Ignatius and the Princess I
Time Limit: 2000/1000 MS (Java/Others) Memory Limit: 65536/32768 K (Java/Others)
Total Submission(s): 16269 Accepted Submission(s): 5164
Special Judge
Problem Description
The Princess has been abducted by the BEelzebub feng5166, our hero Ignatius has to rescue our pretty Princess. Now he gets into feng5166‘s castle. The castle is a large labyrinth. To make the problem simply, we assume the labyrinth is a N*M two-dimensional
array which left-top corner is (0,0) and right-bottom corner is (N-1,M-1). Ignatius enters at (0,0), and the door to feng5166‘s room is at (N-1,M-1), that is our target. There are some monsters in the castle, if Ignatius meet them, he has to kill them. Here
is some rules:
1.Ignatius can only move in four directions(up, down, left, right), one step per second. A step is defined as follow: if current position is (x,y), after a step, Ignatius can only stand on (x-1,y), (x+1,y), (x,y-1) or (x,y+1).
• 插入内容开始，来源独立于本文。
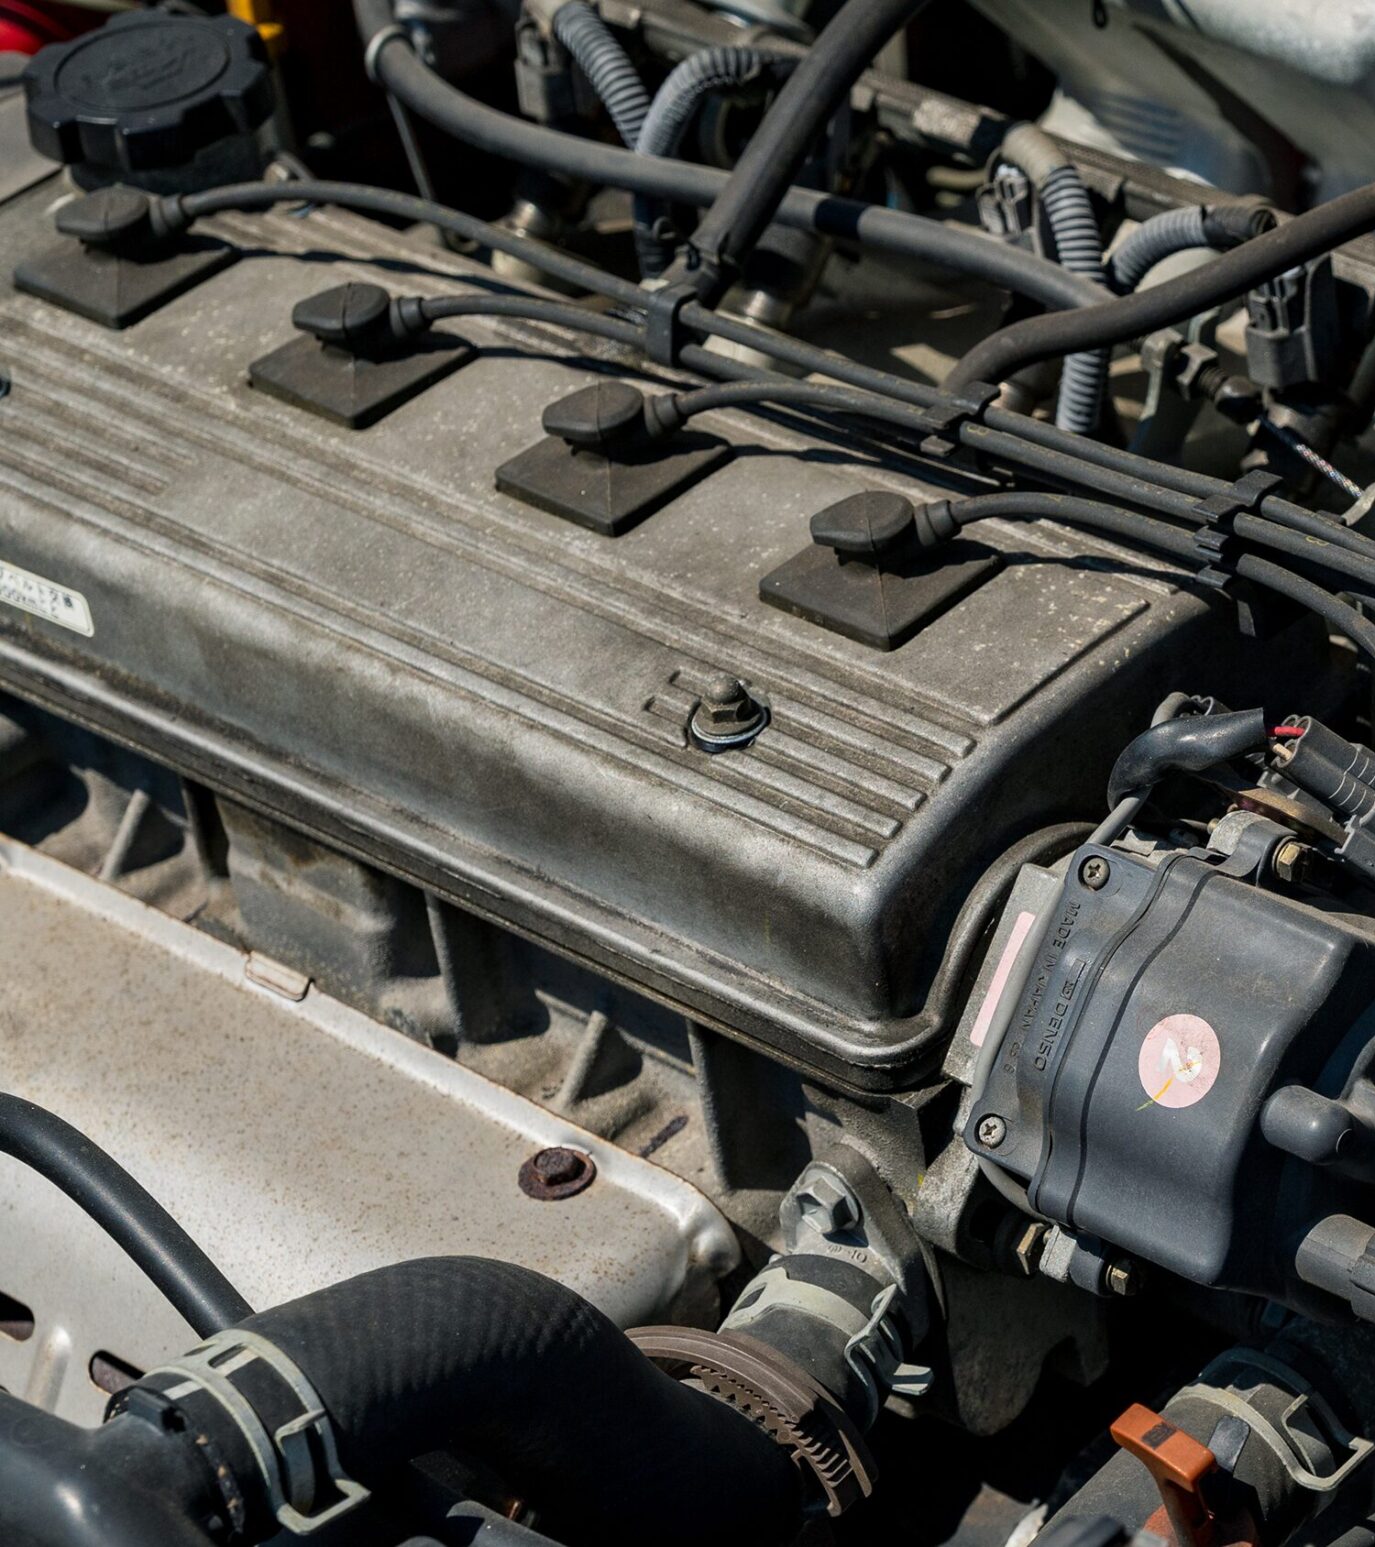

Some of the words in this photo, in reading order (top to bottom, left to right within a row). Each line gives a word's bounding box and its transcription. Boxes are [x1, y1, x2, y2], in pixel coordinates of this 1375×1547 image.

2.The array is marked with some characters and numbers. We define them like this:
. : The place where Ignatius can walk on.
X : The place is a trap, Ignatius should not walk on it.
n : Here is a monster with n HP(1<=n<=9), if Ignatius walk on it, it takes him n seconds to kill the monster.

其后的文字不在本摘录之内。